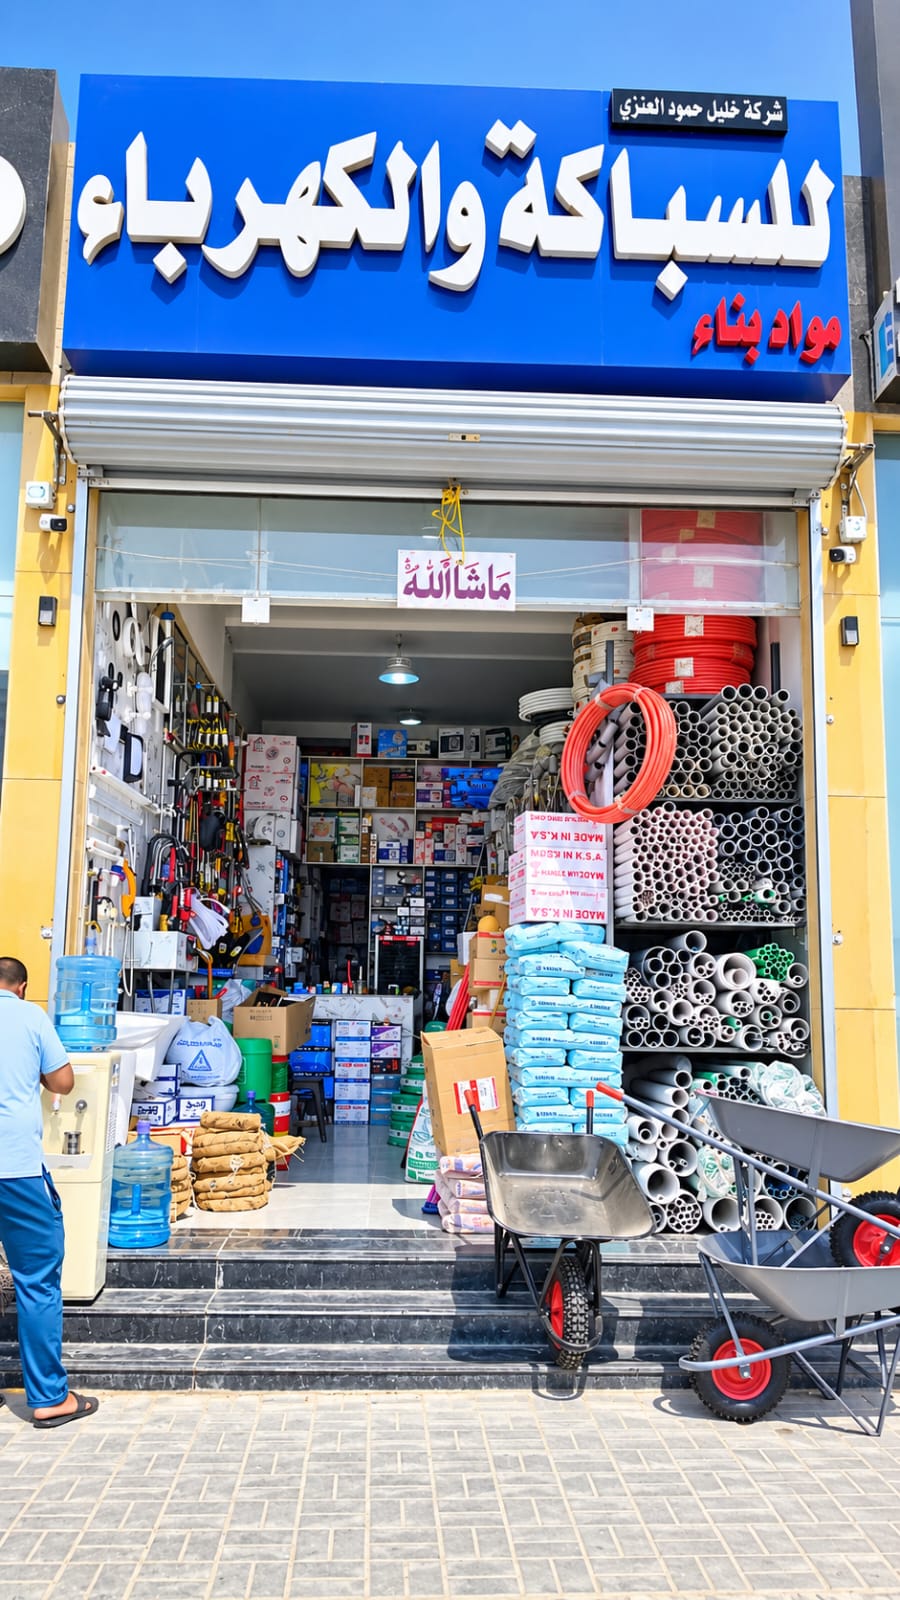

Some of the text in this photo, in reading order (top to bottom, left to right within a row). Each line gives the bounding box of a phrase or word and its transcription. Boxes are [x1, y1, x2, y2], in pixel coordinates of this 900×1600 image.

[619, 95, 784, 126] شركة خليل حمود العنزي
[76, 130, 487, 293] والكهرباء
[484, 118, 836, 301] للسباكة
[691, 291, 763, 365] بناء
[768, 299, 843, 364] مواد
[560, 832, 571, 841] IN
[573, 832, 604, 843] MADE
[562, 908, 573, 919] IN
[575, 908, 606, 920] MADE

+++

The pictures in the entries should be left out; output everything else exactly.

Some of the text in this photo, in reading order (top to bottom, left to right within a row). Each line gives the bounding box of a phrase or word and its transcription. Boxes are [x1, y1, x2, y2], in pixel coordinates of this 900×1600 image.

[619, 95, 784, 126] شركة خليل حمود العنزي
[76, 130, 487, 293] والكهرباء
[484, 118, 836, 301] للسباكة
[691, 291, 763, 365] بناء
[768, 299, 843, 364] مواد
[560, 832, 571, 841] IN
[573, 832, 604, 843] MADE
[562, 908, 573, 919] IN
[575, 908, 606, 920] MADE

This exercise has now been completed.